The Dutch post-postmodernist heir to the Dadaist tradition of Old Europe, Louis Andriessen composes music that melds anything to everything to nothing while fusing high culture with low culture and no culture in a high-concept music of stuttering magnificence. The concert planned for Wednesday, February 15, is a veritable three-ring musical circus. It begins at 7:30 with Andriessen's Arrival of Willibrord played on the Burton Tower's Baird Carillon and then moves into the Power Center for a musical double bill that opens with a performance of Andriessen's La Passione featuring the original soloists and closes with a showing of M Is for Man, Music, and Mozart, Peter Greenaway's film with a score by Andriessen. The question, of course, is "How many tickets can even a post-postmodernist three-ring musical circus hope to sell in a town that likes to spend its weeknights at home watching satellite TiVo?"
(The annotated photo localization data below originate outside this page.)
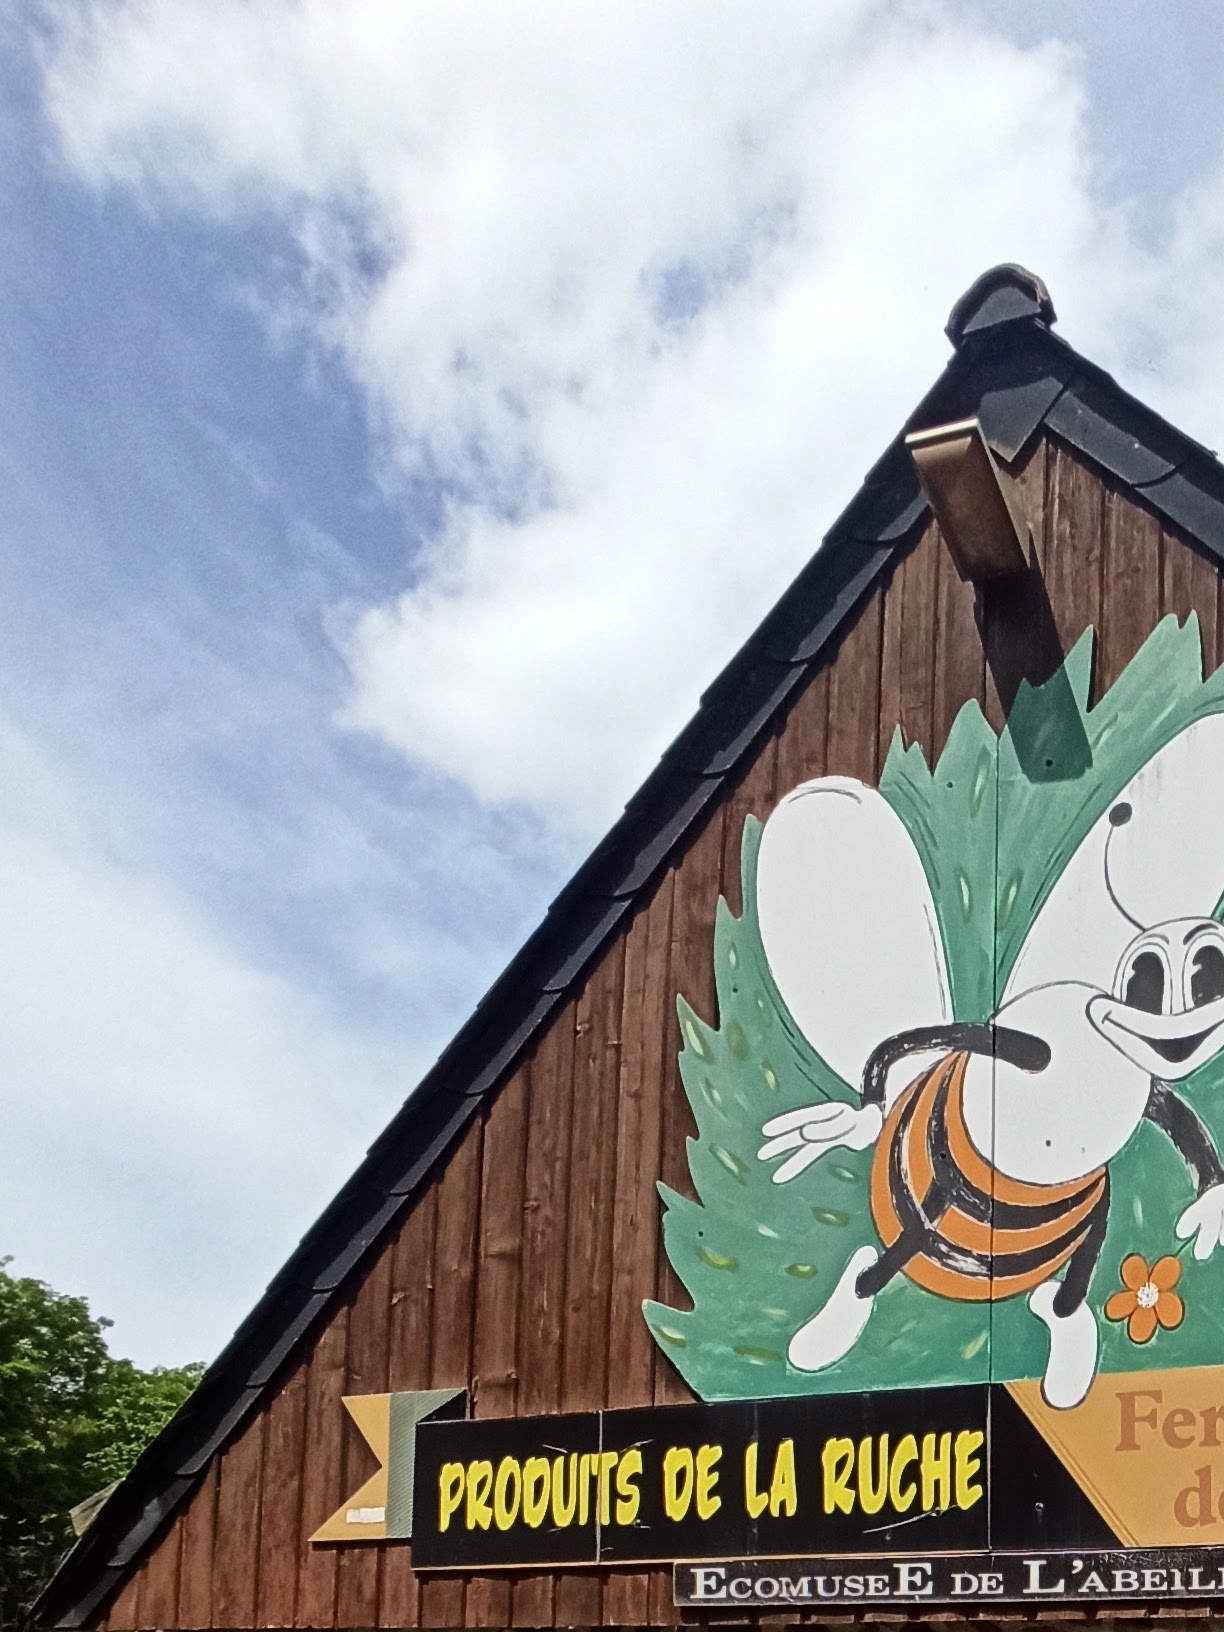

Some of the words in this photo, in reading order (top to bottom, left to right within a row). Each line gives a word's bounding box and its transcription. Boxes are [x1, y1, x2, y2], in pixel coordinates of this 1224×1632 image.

[438, 1449, 643, 1533] PRODUITS
[663, 1444, 723, 1521] DE
[745, 1439, 798, 1517] LA
[822, 1430, 985, 1514] RUCHE
[951, 1573, 1004, 1595] DE
The answer, one can only hope, is "All of them." This is precisely the kind of event the prestigious University Musical Society should present and exactly the kind of event the Ann Arbor audience should celebrate. Andriessen's music is not for listeners who think music stopped with the death of Webern — it's for listeners who can embrace everything that's happened in music since the death of Webern. Some people who know and love Andriessen's music describe it by analogies, talking of Stan Kenton and Igor Stravinsky, of J. S. Bach and the Beatles, of bebop, hip-hop, and pyrotechno. Others speak of his minimalist polyrhythms, lyrical melodic fragments, predominantly consonant harmonies disrupted by explosive blocks of concentrated dissonance, and novel color combinations, including electric guitars, bass guitars, and, in one work, an ice cream bell. As impossible to imagine as it is to forget, Andriessen's music has to be heard to be believed.
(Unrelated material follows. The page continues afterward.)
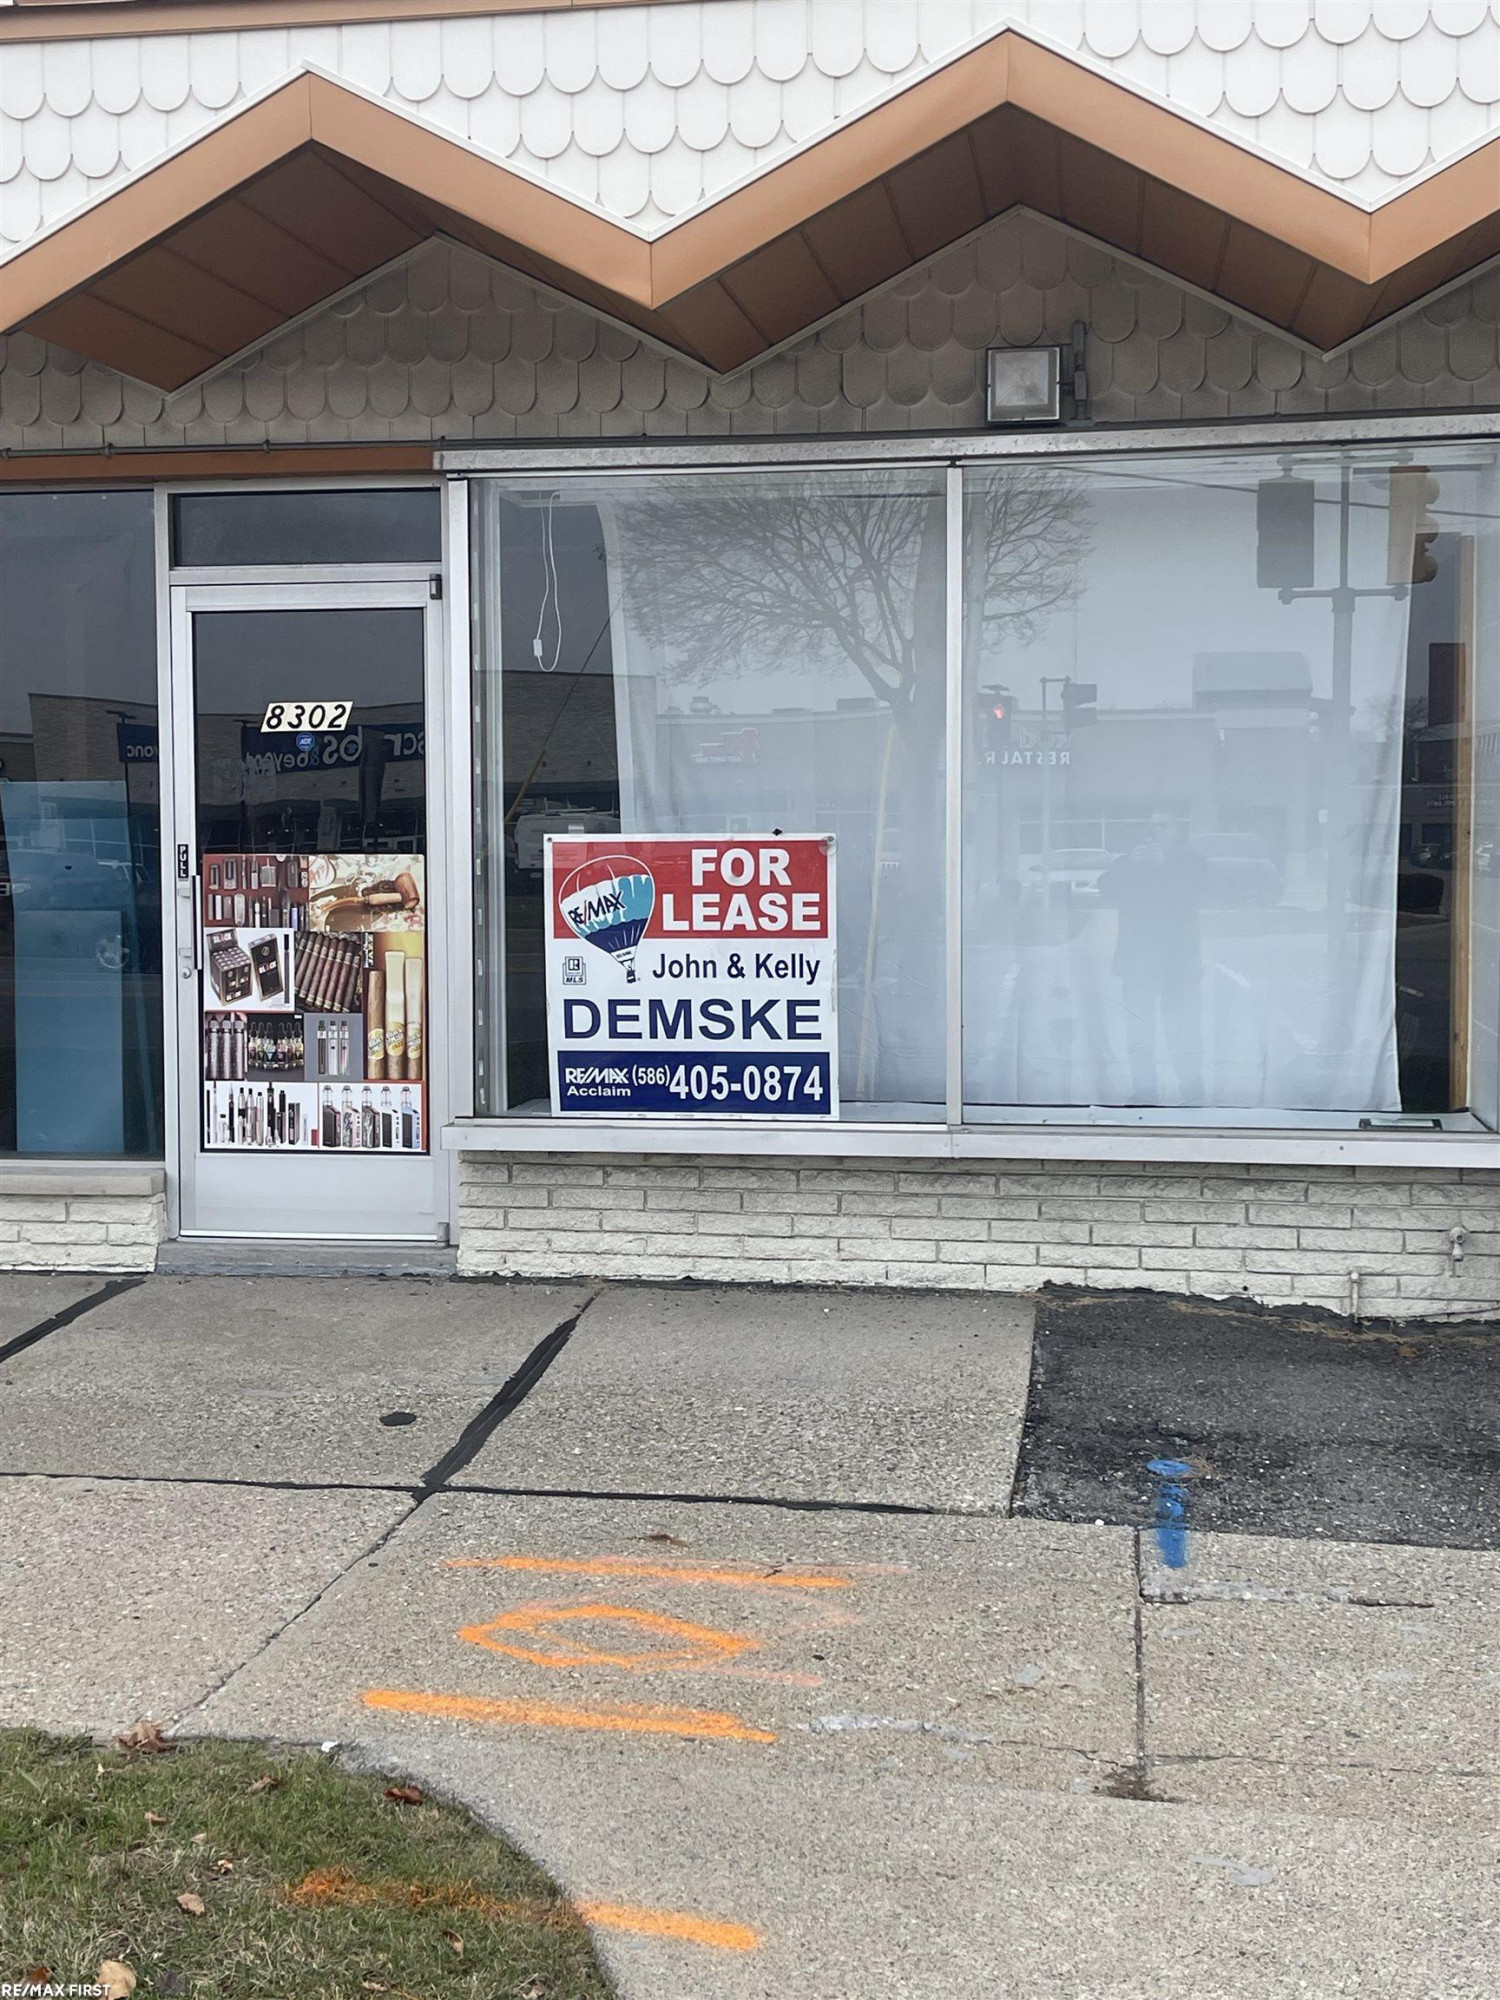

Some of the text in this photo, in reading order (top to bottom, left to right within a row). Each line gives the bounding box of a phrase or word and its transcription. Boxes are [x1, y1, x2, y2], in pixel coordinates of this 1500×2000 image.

And with the composer himself in residence for the week preceding the event, each performance on the program promises to come as close to definitive as one can imagine. The first work, 1995's Arrival of Willibrord, will be played by Steven Ball, U-M carillonist and the Michigan Theater's house organist. The second work, La Passione, from 2002, will be performed by jazz vocalist Cristina Zavalloni and violinist Monica Germino — the composer affectionately calls them his "muses" — plus an ensemble of winds, brass, violins, electric guitar, bass guitar, keyboards, and percussion drawn from the U-M Symphony Band, led by Michael Haithcock. The third and final work, M Is for Man, Music, and Mozart, from 1991, will be performed by Zavalloni with Haithcock and the band as the accompaniment for Greenaway's film of the same name featuring a quartet of naked dancers representing the gods in the act of inventing man, movement, music, and, improbably enough, Mozart.

Anything is possible, but only by attending will you ever know for certain what you would otherwise have missed.